[Stored items from a collection]
== Segment start ==
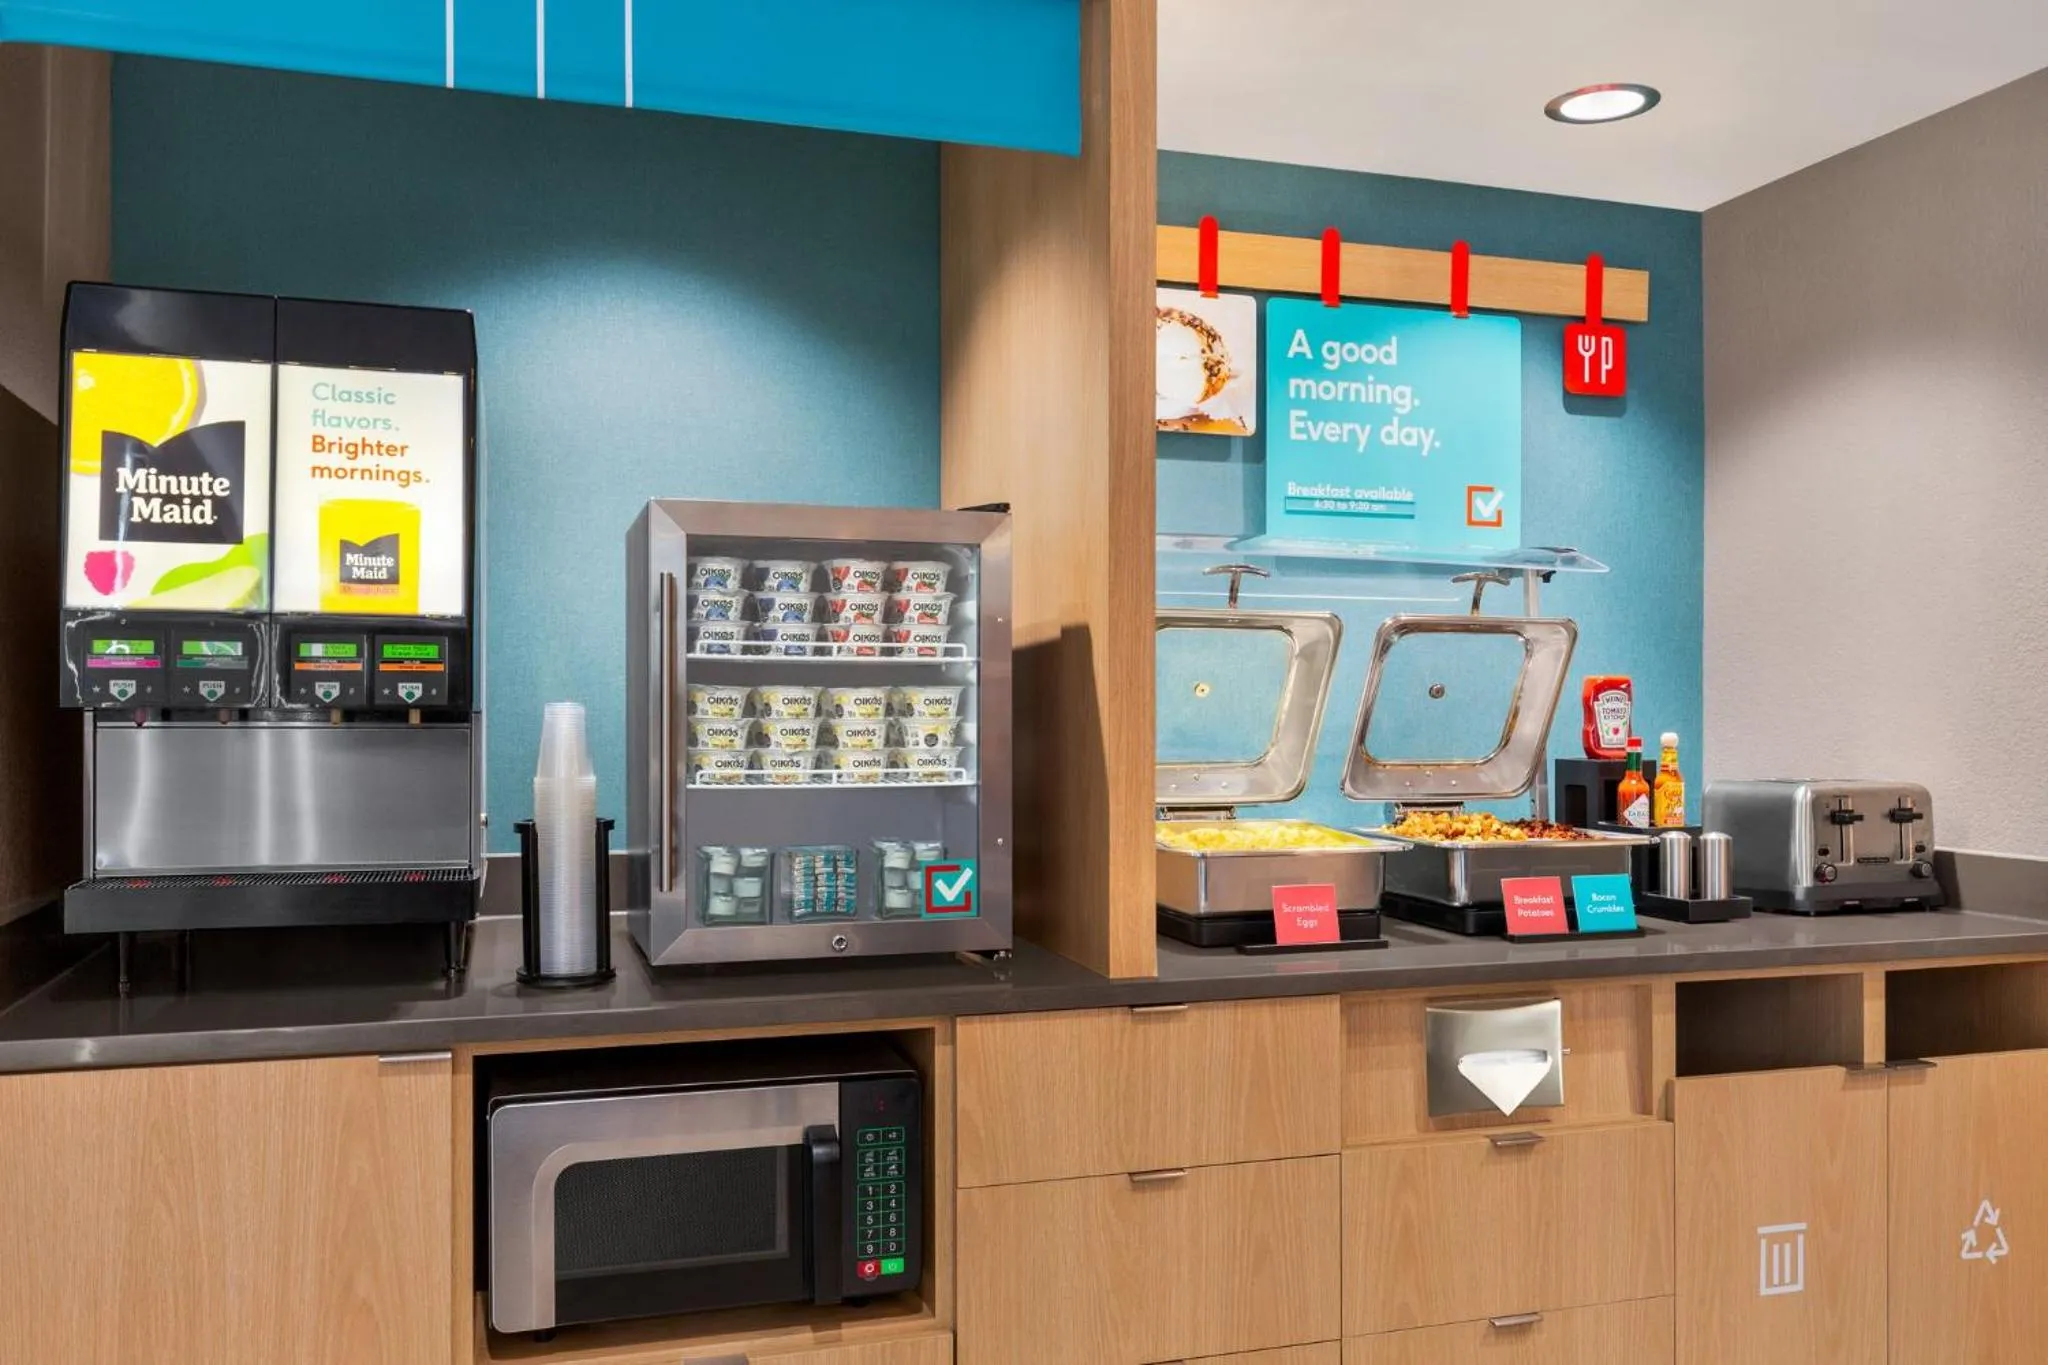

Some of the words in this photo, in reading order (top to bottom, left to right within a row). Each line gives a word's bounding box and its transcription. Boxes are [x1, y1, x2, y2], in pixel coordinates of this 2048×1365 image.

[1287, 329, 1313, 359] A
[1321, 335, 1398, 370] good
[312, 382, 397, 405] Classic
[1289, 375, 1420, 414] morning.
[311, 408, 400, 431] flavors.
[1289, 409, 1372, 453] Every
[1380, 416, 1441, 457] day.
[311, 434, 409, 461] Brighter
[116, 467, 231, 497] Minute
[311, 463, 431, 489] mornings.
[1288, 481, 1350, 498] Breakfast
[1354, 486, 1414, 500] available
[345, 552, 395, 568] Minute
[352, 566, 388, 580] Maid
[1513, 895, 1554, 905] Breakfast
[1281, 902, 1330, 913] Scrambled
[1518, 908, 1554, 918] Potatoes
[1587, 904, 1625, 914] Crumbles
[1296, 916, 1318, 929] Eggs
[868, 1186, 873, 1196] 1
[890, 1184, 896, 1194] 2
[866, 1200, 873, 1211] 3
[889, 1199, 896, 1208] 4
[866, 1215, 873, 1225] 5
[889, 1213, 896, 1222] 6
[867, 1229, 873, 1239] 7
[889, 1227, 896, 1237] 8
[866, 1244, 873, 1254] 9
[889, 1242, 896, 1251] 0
== Segment end ==
• **Task directions**
Write the data above out exactly. Leave out any pictures.

• **Written solution**
Some of the words in this photo, in reading order (top to bottom, left to right within a row). Each line gives a word's bounding box and its transcription. Boxes are [x1, y1, x2, y2], in pixel coordinates of this 2048×1365 image.

[1287, 329, 1313, 359] A
[1321, 335, 1398, 370] good
[312, 382, 397, 405] Classic
[1289, 375, 1420, 414] morning.
[311, 408, 400, 431] flavors.
[1289, 409, 1372, 453] Every
[1380, 416, 1441, 457] day.
[311, 434, 409, 461] Brighter
[116, 467, 231, 497] Minute
[311, 463, 431, 489] mornings.
[1288, 481, 1350, 498] Breakfast
[1354, 486, 1414, 500] available
[345, 552, 395, 568] Minute
[352, 566, 388, 580] Maid
[1513, 895, 1554, 905] Breakfast
[1281, 902, 1330, 913] Scrambled
[1518, 908, 1554, 918] Potatoes
[1587, 904, 1625, 914] Crumbles
[1296, 916, 1318, 929] Eggs
[868, 1186, 873, 1196] 1
[890, 1184, 896, 1194] 2
[866, 1200, 873, 1211] 3
[889, 1199, 896, 1208] 4
[866, 1215, 873, 1225] 5
[889, 1213, 896, 1222] 6
[867, 1229, 873, 1239] 7
[889, 1227, 896, 1237] 8
[866, 1244, 873, 1254] 9
[889, 1242, 896, 1251] 0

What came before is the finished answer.